La máscara de la "Muerte Roja"
Edgar Allan Poe
Durante
mucho tiempo, la «Muerte Roja» había devastado la región. Jamás
pestilencia alguna fue tan fatal y espantosa. Su avatar era la sangre,
el color y el horror de la sangre. Se producían agudos dolores, un
súbito desvanecimiento y, después, un abundante sangrar por los poros y
la disolución del ser. Las manchas purpureas por el cuerpo, y
especialmente por el rostro de la victima, desechaban a ésta de la
Humanidad y la cerraban a todo socorro y a toda compasión. La invasión,
el progreso y el resultado de la enfermedad eran cuestión de media hora.
Pero
el príncipe Próspero era feliz, intrépido y sagaz. Cuando sus dominios
perdieron la mitad de su población, reunió a un millar de amigos fuertes
y de corazón alegre, elegidos entre los caballeros y las damas de su
corte, y con ellos constituyó un refugio recóndito en una de sus abadías
fortificadas. Era una construcción vasta y magnifica, una creación del
propio príncipe, de gusto excéntrico, pero grandioso. Rodeábala un
fuerte y elevado muro, con sus correspondientes puertas de hierro. Los
cortesanos, una vez dentro, se sirvieron de hornillos y pesadas mazas
para soldar los cerrojos.
Decidieron
atrincherarse contra los súbitos impulsos de la desesperación del
exterior e impedir toda salida a los frenesíes del interior.
La
abadía fue abastecida copiosamente. Gracias a tales precauciones los
cortesanos podían desafiar el contagio. El mundo exterior, que se las
compusiera como pudiese. Por lo demás, sería locura afligirse o pensar
en él. El príncipe había provisto aquella mansión de todos los medios de
placer. Había bufones, improvisadores, danzarines, músicos, lo bello en
todas sus formas, y había vino. En el interior existía todo esto,
además de la seguridad. Afuera, la «Muerte Roja».
Ocurrió
a fines del quinto o sexto mes de su retiro, mientras la plaga hacía
grandes estragos afuera, cuando el príncipe Próspero proporcionó a su
millar de amigos un baile de máscaras de la más insólita magnificencia.
¡Qué
voluptuoso cuadro el de ese baile de máscaras! Permítaseme describir
los salones donde tuvo efecto. Eran siete, en una hilera imperial. En
muchos palacios estas hileras de salones constituyen largas perspectivas
en línea recta cuando los batientes de las puertas están abiertos de
par en par, de modo que la mirada llega hasta el final sin obstáculo.
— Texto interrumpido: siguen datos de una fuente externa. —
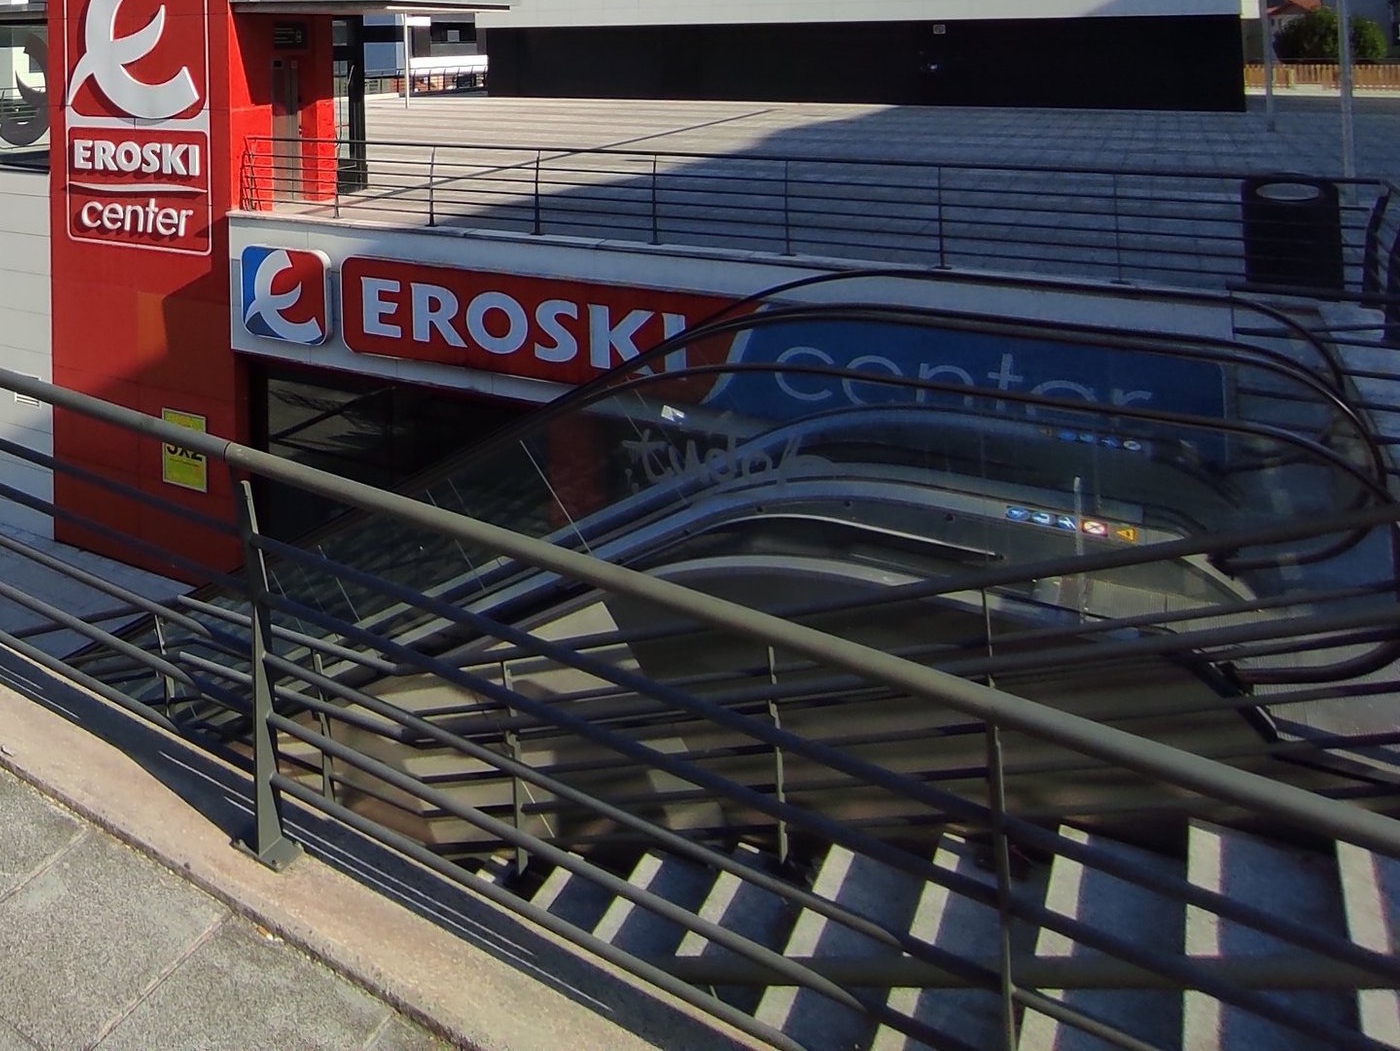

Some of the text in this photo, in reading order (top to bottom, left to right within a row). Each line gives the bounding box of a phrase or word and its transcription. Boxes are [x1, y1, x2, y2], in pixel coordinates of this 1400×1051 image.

[73, 139, 200, 176] EROSKI
[81, 198, 193, 237] center
[360, 276, 688, 381] EROSKI
Aquí, el caso era muy distinto, como se podía esperar por parte del
duque y de su preferencia señaladísima por lo bizarre.
Las salas estaban dispuestas de modo tan irregular que la mirada
solamente podía alcanzar una cada vez. Al cabo de un espacio de veinte o
treinta yardas encontrábase una súbita revuelta, y en cada esquina, un
aspecto diferente.
A
derecha e izquierda, en medio de cada pared, una alta y estrecha
ventana gótica comunicaba con un corredor cerrado que seguía las
sinuosidades del aposento. Cada ventanal estaba hecho de vidrios de
colores que armonizaban con el tono dominante de la decoración del salón
para el cual se abría. El que ocupaba el extremo oriental, por ejemplo,
estaba decorado en azul, y los ventanales eran de un azul vivo. El
segundo aposento estaba ornado y guarnecido de púrpura, y las vidrieras
eran purpúreas. El tercero, enteramente verde, y verdes sus ventanas. El
cuarto, anaranjado, recibía la luz a través de una ventana anaranjada.
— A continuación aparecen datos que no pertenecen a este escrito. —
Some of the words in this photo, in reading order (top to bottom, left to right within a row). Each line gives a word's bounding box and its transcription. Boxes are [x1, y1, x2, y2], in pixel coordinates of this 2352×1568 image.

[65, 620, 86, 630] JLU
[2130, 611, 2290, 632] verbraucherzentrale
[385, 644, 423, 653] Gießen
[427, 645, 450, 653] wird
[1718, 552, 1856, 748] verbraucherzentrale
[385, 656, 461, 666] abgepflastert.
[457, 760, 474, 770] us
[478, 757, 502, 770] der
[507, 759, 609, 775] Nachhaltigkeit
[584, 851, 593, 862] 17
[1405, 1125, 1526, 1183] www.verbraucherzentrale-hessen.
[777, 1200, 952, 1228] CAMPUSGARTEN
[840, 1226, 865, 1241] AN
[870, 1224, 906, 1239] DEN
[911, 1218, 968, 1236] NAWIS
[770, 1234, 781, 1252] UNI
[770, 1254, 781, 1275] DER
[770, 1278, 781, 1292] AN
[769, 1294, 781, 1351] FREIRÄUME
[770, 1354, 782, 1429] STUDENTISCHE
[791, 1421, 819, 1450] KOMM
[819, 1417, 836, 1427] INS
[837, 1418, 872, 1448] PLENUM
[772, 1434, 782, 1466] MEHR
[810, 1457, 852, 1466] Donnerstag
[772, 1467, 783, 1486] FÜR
El quinto, blanco, y el sexto, violeta. El séptimo salón estaba
rigurosamente forrado por colgaduras de terciopelo negro, que revestían
todo el techo y las paredes y caían sobre un tapiz de la misma tela y
del mismo color. Pero solamente en este aposento el color de las
vidrieras no correspondía al del decorado.
Los
ventanales eran escarlata, de un intenso color de sangre. Ahora bien:
no veíase lámpara ni candelabro alguno en estos siete salones, entre los
adornos de las paredes o del techo artesonado. Ni lámparas ni velas;
ninguna claridad de esta clase, en aquella larga hilera de habitaciones.
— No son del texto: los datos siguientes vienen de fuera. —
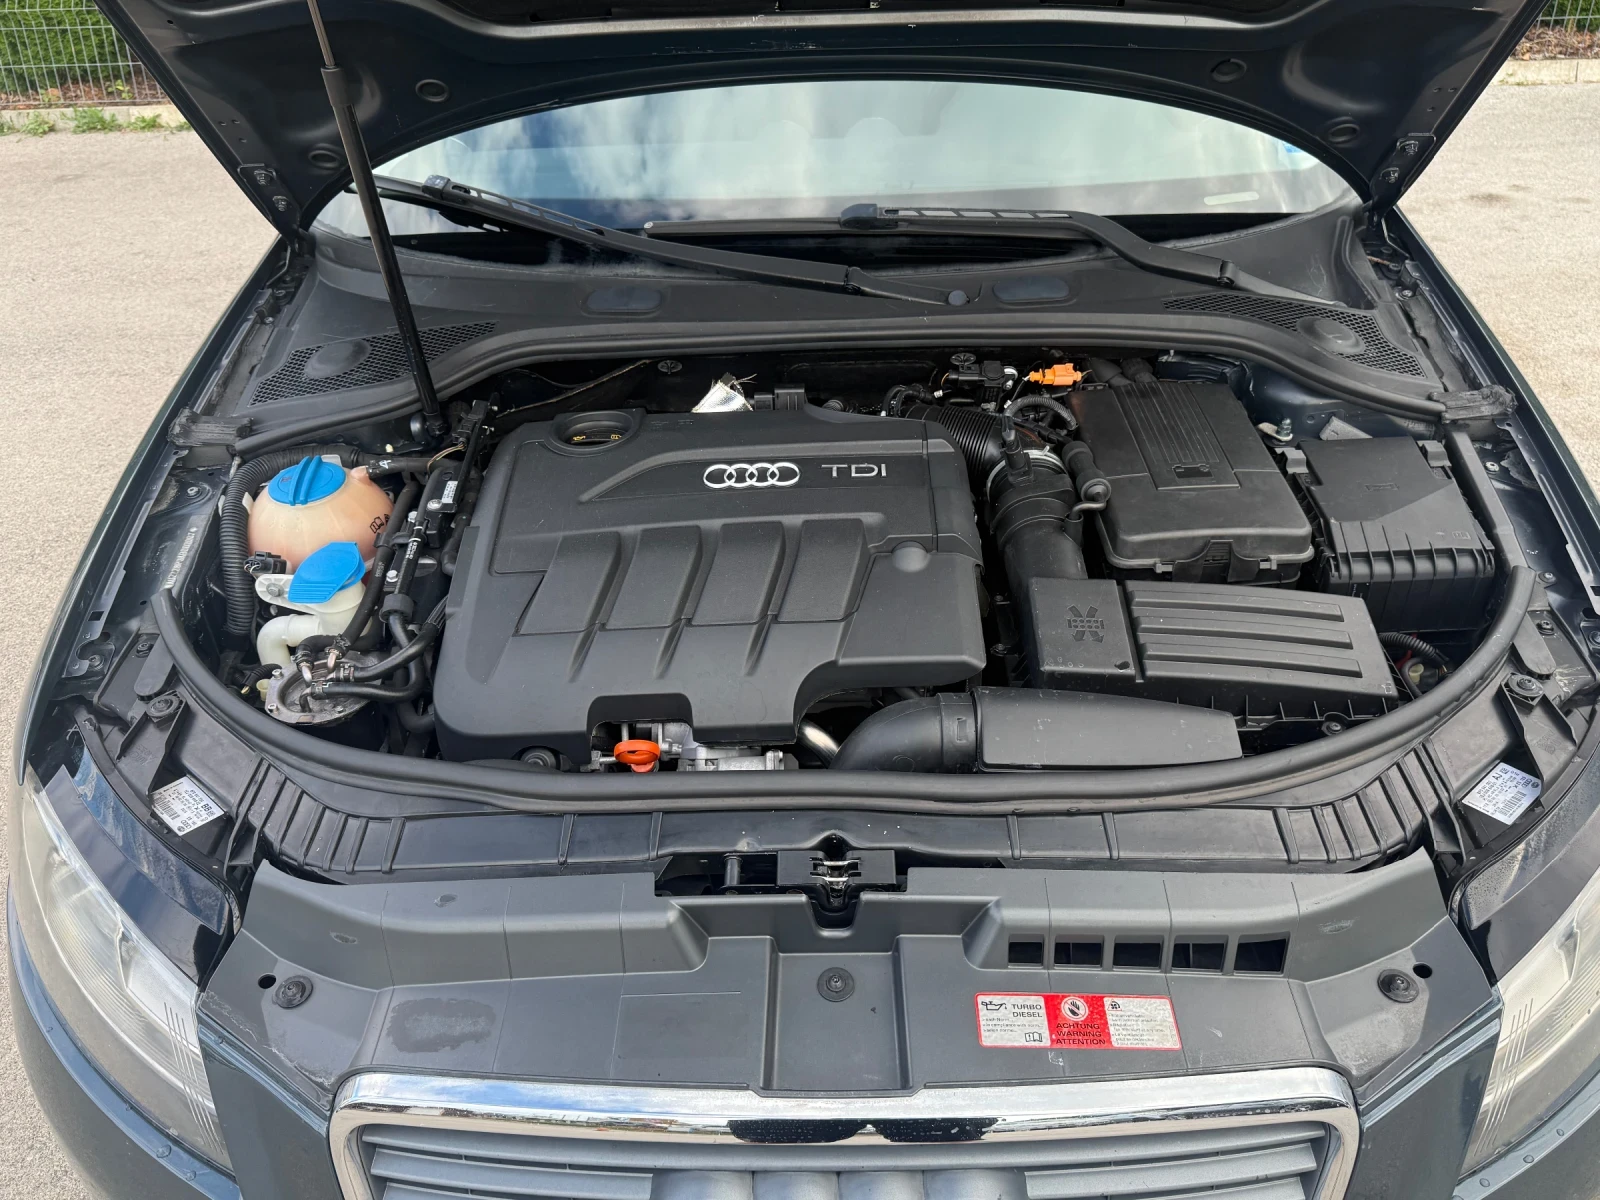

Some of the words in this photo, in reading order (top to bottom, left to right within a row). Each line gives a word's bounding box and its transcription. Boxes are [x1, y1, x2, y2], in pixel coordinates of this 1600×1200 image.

[821, 463, 887, 477] TDI
[1056, 1022, 1100, 1030] ACHTUNG
[1056, 1030, 1102, 1038] WARNING
Pero en los corredores que la rodeaban, exactamente enfrente de cada
ventana, levantábase un enorme trípode con un brasero resplandeciente
que proyectaba su claridad a través de los cristales coloreados e
iluminaba la sala de un modo deslumbrante. Producíase así́ una infinidad
de aspectos cambiantes y fantásticos.
Pero
en el salón de poniente, en la cámara negra, la claridad del brasero,
que se reflejaba sobre las negras tapicerías a través de los cristales
sangrientos, era terriblemente siniestra y prestaba a las fisonomías de
los imprudentes que penetraban en ella un aspecto tan extraño, que muy
pocos bailarines tenían valor para pisar su mágico recinto. También en
este salón erguíase, apoyado contra el muro de poniente, un gigantesco
reloj de ébano. Su péndulo movíase con un tictac sordo, pesado y
monótono. Y cuando el minutero completaba el circuito de la esfera e iba
a sonar la hora, salía de los pulmones de bronce de la máquina un
sonido claro, estrepitoso, profundo y extraordinariamente musical, pero
de un timbre tan particular y potente que, de hora en hora, los músicos
de la orquesta veíanse obligados a interrumpir un instante sus acordes
para escuchar el sonido.
Los
valsistas veíanse forzados a cesar en sus evoluciones. Una perturbación
momentánea recorría toda aquella multitud, y mientras sonaban las
campanas notábase que los más vehementes palidecían y los más sensatos
pasábanse las manos por la frente, pareciendo sumirse en meditación o en
un sueño febril. Pero una vez desaparecía por completo el eco, una
ligera hilaridad circulaba por toda la reunión. Los músicos mirábanse
entre sí y reíanse de sus nervios y de su locura, y jurábanse en voz
baja unos a otros que la próxima vez que sonaran las campanadas no
sentirían la misma impresión. Y luego, cuando después de la fuga de los
sesenta minutos que comprenden los tres mil seiscientos segundos de la
hora desaparecida, cuando llegaba una nueva campanada del reloj fatal,
se producía el mismo estremecimiento, el mismo escalofrío y el mismo
sueño febril.
Pero,
a pesar de todo esto, la orgía continuaba alegre y magnífica. El gusto
del duque era muy singular. Tenía una vista segura por lo que se refiere
a colores y efectos. Despreciaba el decorado de moda. Sus proyectos
eran temerarios y salvajes, y sus concepciones brillaban con un
esplendor bárbaro. Muchas gentes lo consideraban loco. Sus cortesanos
sabían perfectamente que no lo era. Sin embargo, era preciso oírlo,
verlo, tocarlo, para asegurarse de que no lo estaba.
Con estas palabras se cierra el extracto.